Да, совершенно верно, — отношения полов ищут новой формы. Но не такие “мысли” Толстого помогут молодому поколению найти эту новую форму.
Женщина, веками угнетённая, подавленная, приниженная — пойдёт за таким учением, которое обещает освобождение и человеческую жизнь. Таким учением является социализм.
Так было во все времена: всякое новое учение, всякий новый идеал находил себе горячих приверженцев среди тех, нужды которых он наиболее удовлетворял.
В современном строе общества — женщине, как самостоятельному человеческому существу, нет места. Она должна занимать или подчинённое положение жены, или бороться за своё существование, не имея одинаковых с мужчинами прав, следовательно — более слабая в борьбе.
И в том и в другом случае её путь труден и часто ей не по силам. Социализм, в программе которого стоит вопрос об изменении всего существующего строя общества, — даёт наибольшее удовлетворение нуждам всех угнетённых.
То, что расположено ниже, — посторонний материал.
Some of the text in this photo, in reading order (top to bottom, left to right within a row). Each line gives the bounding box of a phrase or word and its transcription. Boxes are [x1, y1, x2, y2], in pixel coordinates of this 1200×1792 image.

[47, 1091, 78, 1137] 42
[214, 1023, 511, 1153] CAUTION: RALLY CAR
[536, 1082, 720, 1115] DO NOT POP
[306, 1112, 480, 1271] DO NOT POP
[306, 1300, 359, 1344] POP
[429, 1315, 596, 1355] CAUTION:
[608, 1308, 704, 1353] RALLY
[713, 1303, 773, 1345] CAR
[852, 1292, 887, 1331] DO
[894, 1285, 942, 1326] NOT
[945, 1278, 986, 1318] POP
И да наступит скорее то время, когда все они соберутся под его знамя, — и рухнет весь этот старый, отживший строй общества…
Париж, 1902 г.
“Толстой умирает…”
Письмо из Парижа
{Вероятно, предназначалось для публикации в русской прессе. Напечатано в издании 1912 г.}
Воскресенье, 23 февр. 1902 г. 1 ч. ночи.
Толстой умирает! Сегодня в “Petit Journal” напечатана телеграмма: “D’apres les dernieres nouvelles de l’etat du comte Leon Tolstoi’, on peut constater un fort abaissement de la temperature el un affaiblissement du pouls.
La situation du malade est critique” {Согласно последним сведениям о состоянии графа Льва Толстого, у него наблюдается резкое падение температуры и ослабление пульса. Положение больного критическое (франц.).}.
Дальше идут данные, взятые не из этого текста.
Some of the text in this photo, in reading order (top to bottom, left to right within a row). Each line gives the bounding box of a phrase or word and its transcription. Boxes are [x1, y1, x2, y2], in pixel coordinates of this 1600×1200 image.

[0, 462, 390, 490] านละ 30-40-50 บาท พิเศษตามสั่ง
Быть может — в эту минуту, когда я пишу эти строки, — уже угасло наше светило, наша гордость, наша слава… Сердце разрывается от боли и отчаяния, чувствуешь, что переживаются страшные минуты — когда уходит самое лучшее, что только есть в нашей жизни, когда великое сердце великого гения вот-вот перестанет биться…
Франция готовится с блеском праздновать столетие со дня рождения Гюго…
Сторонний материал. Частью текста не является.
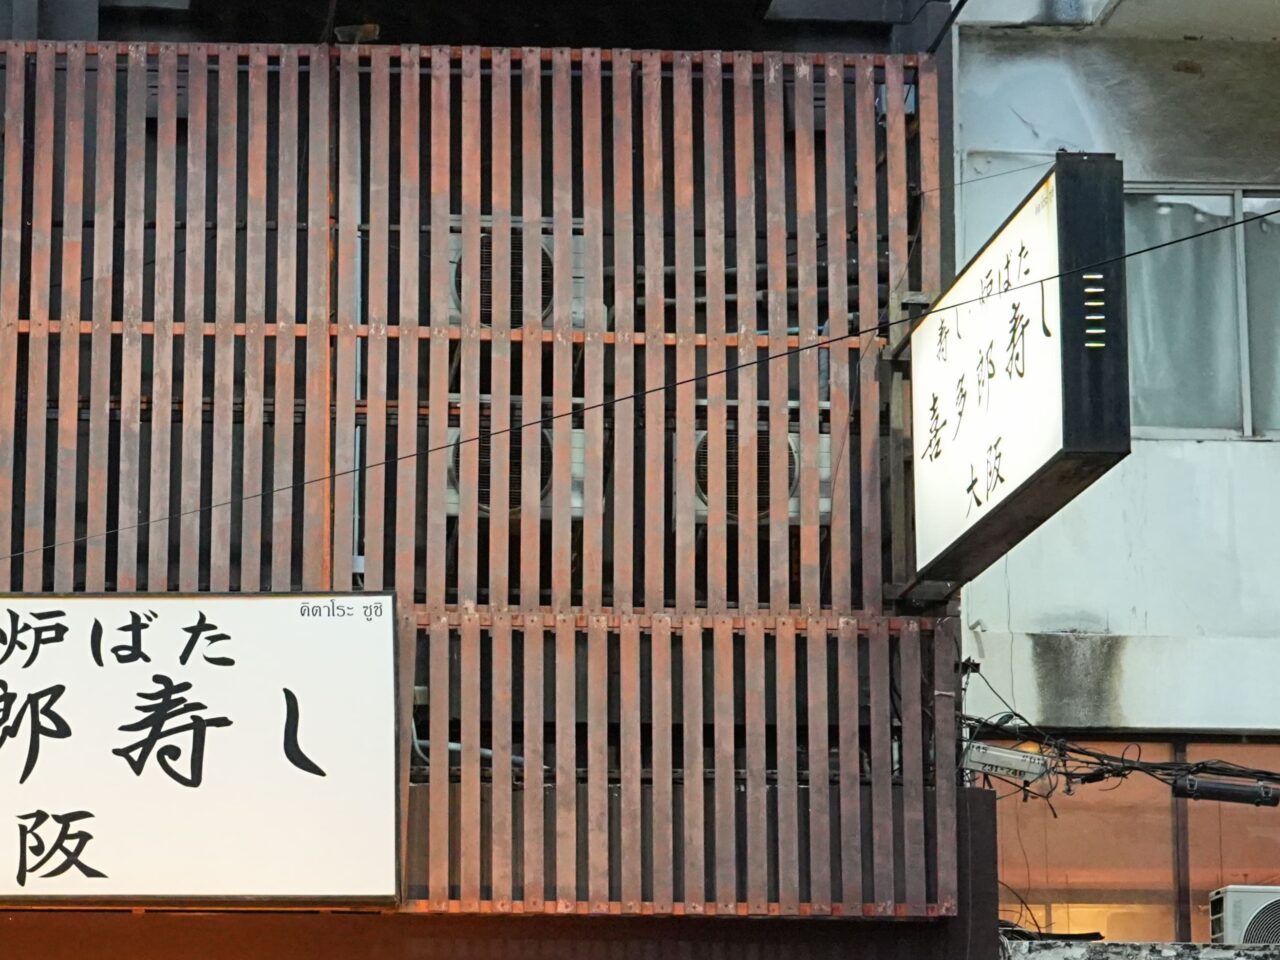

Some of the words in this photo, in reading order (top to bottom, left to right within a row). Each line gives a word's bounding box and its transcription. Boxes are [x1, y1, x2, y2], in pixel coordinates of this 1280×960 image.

Мы же, русские, — что будем переживать в эти дни?
С 26-го начнутся торжества — в Пантеоне, потом в Сорбонне, потом ещё целый ряд празднеств.
А Россия, Россия! О, моя милая, далёкая, бесконечно любимая родина! Какое несчастье для неё, для нас, её детей!
Такие люди, как Толстой — если б они жили веками, — всё казалось бы, что мало жили, что их потеря — величайшая жестокость судьбы, — так они бесконечно дороги всем, таким ярким светочем сияет их жизнь, такая сила обаяния исходит из их сердца.
Гюго умер так недавно… Его многие знают и рассказывают, как несимпатичен он был в последние годы, — скуп и узкоэгоистичен. Его никто не вспоминает как человека, и чествуют только великого гения.
Тогда как Толстой… да у кого найдётся слово осуждения последних 20 лет его жизни, — кто осмелится сказать что-нибудь дурное о нём?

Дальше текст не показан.